- _Instructions to follow_
The output must match the entries below exactly.
(Provided records Opens)
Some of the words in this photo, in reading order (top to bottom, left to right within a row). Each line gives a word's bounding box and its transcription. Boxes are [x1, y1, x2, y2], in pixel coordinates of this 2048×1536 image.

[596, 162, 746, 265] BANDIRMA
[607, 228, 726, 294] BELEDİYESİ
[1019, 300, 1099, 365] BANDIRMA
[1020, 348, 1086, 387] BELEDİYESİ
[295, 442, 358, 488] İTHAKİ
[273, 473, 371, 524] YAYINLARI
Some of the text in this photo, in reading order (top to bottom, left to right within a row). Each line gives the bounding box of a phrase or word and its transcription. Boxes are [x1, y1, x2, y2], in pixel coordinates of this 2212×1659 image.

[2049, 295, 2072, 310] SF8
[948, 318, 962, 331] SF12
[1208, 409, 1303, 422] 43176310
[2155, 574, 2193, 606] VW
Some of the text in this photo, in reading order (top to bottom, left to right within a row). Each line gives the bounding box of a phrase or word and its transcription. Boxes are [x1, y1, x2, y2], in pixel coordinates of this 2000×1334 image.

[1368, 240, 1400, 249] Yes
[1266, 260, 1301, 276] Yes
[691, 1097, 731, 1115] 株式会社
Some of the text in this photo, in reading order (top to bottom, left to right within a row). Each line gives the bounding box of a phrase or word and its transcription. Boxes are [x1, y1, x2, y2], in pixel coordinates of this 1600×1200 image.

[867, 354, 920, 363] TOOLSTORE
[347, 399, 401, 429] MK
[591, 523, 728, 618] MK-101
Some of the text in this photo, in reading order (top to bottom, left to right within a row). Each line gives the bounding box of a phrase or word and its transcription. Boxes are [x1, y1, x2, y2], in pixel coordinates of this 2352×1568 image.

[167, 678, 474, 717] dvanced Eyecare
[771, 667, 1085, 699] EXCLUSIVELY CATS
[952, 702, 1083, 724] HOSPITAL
(Provided records Closes)
- _Task solution_
Some of the words in this photo, in reading order (top to bottom, left to right within a row). Each line gives a word's bounding box and its transcription. Boxes are [x1, y1, x2, y2], in pixel coordinates of this 2048×1536 image.

[596, 162, 746, 265] BANDIRMA
[607, 228, 726, 294] BELEDİYESİ
[1019, 300, 1099, 365] BANDIRMA
[1020, 348, 1086, 387] BELEDİYESİ
[295, 442, 358, 488] İTHAKİ
[273, 473, 371, 524] YAYINLARI
Some of the text in this photo, in reading order (top to bottom, left to right within a row). Each line gives the bounding box of a phrase or word and its transcription. Boxes are [x1, y1, x2, y2], in pixel coordinates of this 2212×1659 image.

[2049, 295, 2072, 310] SF8
[948, 318, 962, 331] SF12
[1208, 409, 1303, 422] 43176310
[2155, 574, 2193, 606] VW
Some of the text in this photo, in reading order (top to bottom, left to right within a row). Each line gives the bounding box of a phrase or word and its transcription. Boxes are [x1, y1, x2, y2], in pixel coordinates of this 2000×1334 image.

[1368, 240, 1400, 249] Yes
[1266, 260, 1301, 276] Yes
[691, 1097, 731, 1115] 株式会社
Some of the text in this photo, in reading order (top to bottom, left to right within a row). Each line gives the bounding box of a phrase or word and its transcription. Boxes are [x1, y1, x2, y2], in pixel coordinates of this 1600×1200 image.

[867, 354, 920, 363] TOOLSTORE
[347, 399, 401, 429] MK
[591, 523, 728, 618] MK-101
Some of the text in this photo, in reading order (top to bottom, left to right within a row). Each line gives the bounding box of a phrase or word and its transcription. Boxes are [x1, y1, x2, y2], in pixel coordinates of this 2352×1568 image.

[167, 678, 474, 717] dvanced Eyecare
[771, 667, 1085, 699] EXCLUSIVELY CATS
[952, 702, 1083, 724] HOSPITAL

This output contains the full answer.